When it comes to global health, not everything has to be mission trips and hand-delivered packages of medicine. Some of the cause’s most influential work happens across a desk or over the phone. For Kim Bush, Director of Life Sciences Partnerships (LSP) at the Bill & Melinda Gates Foundation and life-long advocate for the advancement of global health, making a difference means establishing strong relationships with the right people around the world.
"I’m helping to solve some of healthcare’s toughest issues,” says Bush, a 1976 graduate of UAB’s M.S. in Clinical Laboratory Sciences program. “I’m a results-oriented individual with a passion for global health.”
You might be familiar with Bush’s employer. The Bill & Melinda Gates Foundation is recognized as one of the most powerful charitable organizations in the world, contributing over $28 billion toward efforts in global development since its creation in 1997. The foundation stresses the importance of innovation through collaborative partnership, which is exactly what Bush accomplishes as Director of the LSP.
"The LSP seeks active engagement with industry in order to achieve innovative, high-impact global health outcomes,” he explains. “These lead to healthy and productive lives for all people, especially those living in extreme poverty.”
Bush has been in the global health business for over thirty years now. Before joining the Bill & Melinda Gates Foundation, he led a number of therapeutic and medical device-related businesses at Baxter International Healthcare Corporation, including the global Vaccine, European Bio-Science, and Blood Therapy divisions. And he credits much of his success to his UAB degree.
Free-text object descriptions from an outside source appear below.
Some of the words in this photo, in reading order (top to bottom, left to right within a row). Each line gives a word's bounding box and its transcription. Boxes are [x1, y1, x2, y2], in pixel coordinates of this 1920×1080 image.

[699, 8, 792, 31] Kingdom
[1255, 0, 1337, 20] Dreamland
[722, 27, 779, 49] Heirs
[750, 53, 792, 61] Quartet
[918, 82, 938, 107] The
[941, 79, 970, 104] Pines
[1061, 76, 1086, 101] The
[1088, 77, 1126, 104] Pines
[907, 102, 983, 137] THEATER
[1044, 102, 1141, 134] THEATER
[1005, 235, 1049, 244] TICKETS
“UAB had and continues to have one of the most advanced programs in Clinical Laboratory Sciences,” Bush explains.“My degree provided me with an extraordinary background and gave me the opportunity to combine scientific knowledge with business training. I had the good fortune of being recruited out of the lab to work in sales and marketing with an excellent laboratory supply firm. I ended up liking it a lot and fell in love with being able to mix science, business, and people all together. I never looked back.”
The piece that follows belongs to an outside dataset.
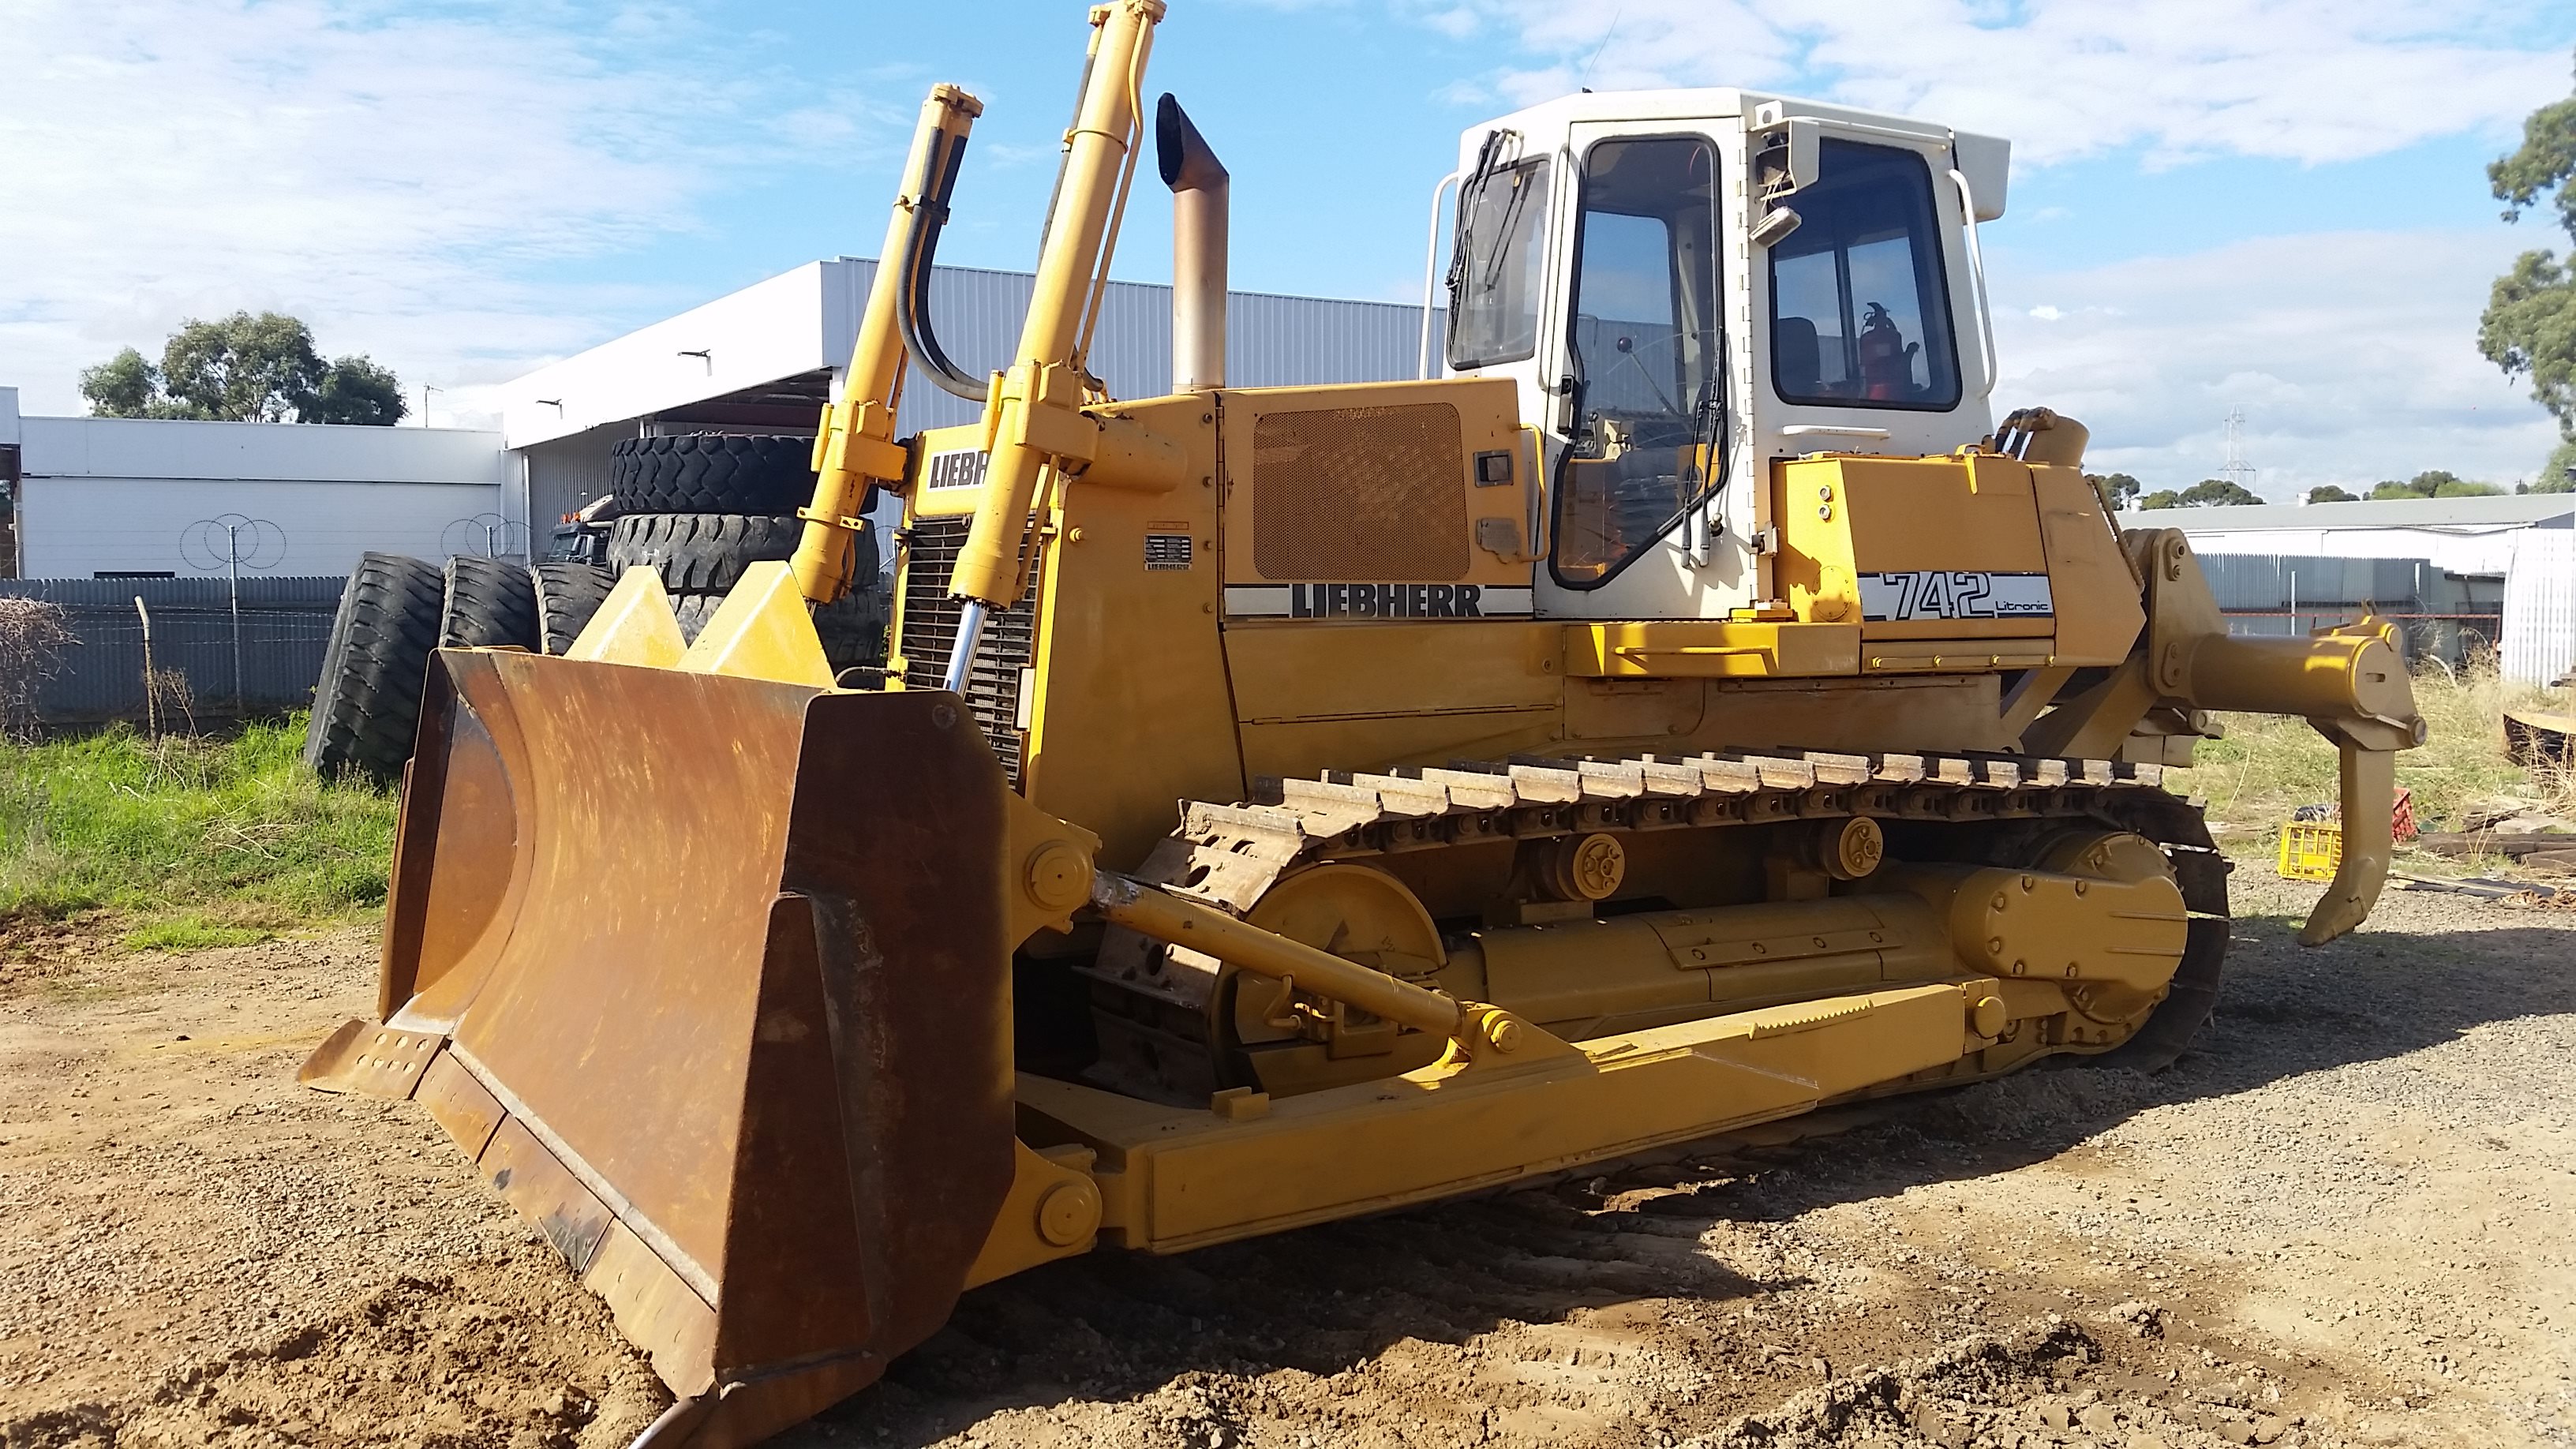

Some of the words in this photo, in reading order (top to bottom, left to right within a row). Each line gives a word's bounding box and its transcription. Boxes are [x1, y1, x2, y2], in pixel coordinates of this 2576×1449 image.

If anything, Bush is only looking forward. In addition to his position with the Bill & Melinda Gates Foundation, he also holds a board observer seat on the Global Health Innovation Technology Fund (GHIT) and an Institute of Medicine (IOM) appointment to the Forum on Public-Private Partnerships in Global Health and Safety. The first organization is dedicated to advancing the development of health technology, while the second focuses on assisting the public in making informed decisions about health. He donates his time to both.
Bush emphasizes the importance of flexibility in higher education. Whether students decide to work with patients or industry, he says, a UAB degree is a valuable commodity.
“Don’t under estimate the value of your work and learning at UAB. It will be a solid foundation that you can apply to multiple opportunities across the life sciences, regardless of whether you choose to remain in the laboratory, engage with industry, work in public health, or move further into academia.If you ever consider going the commercial route, I can assure you that the UAB degree and a complimentary MBA will open up a world of opportunity.”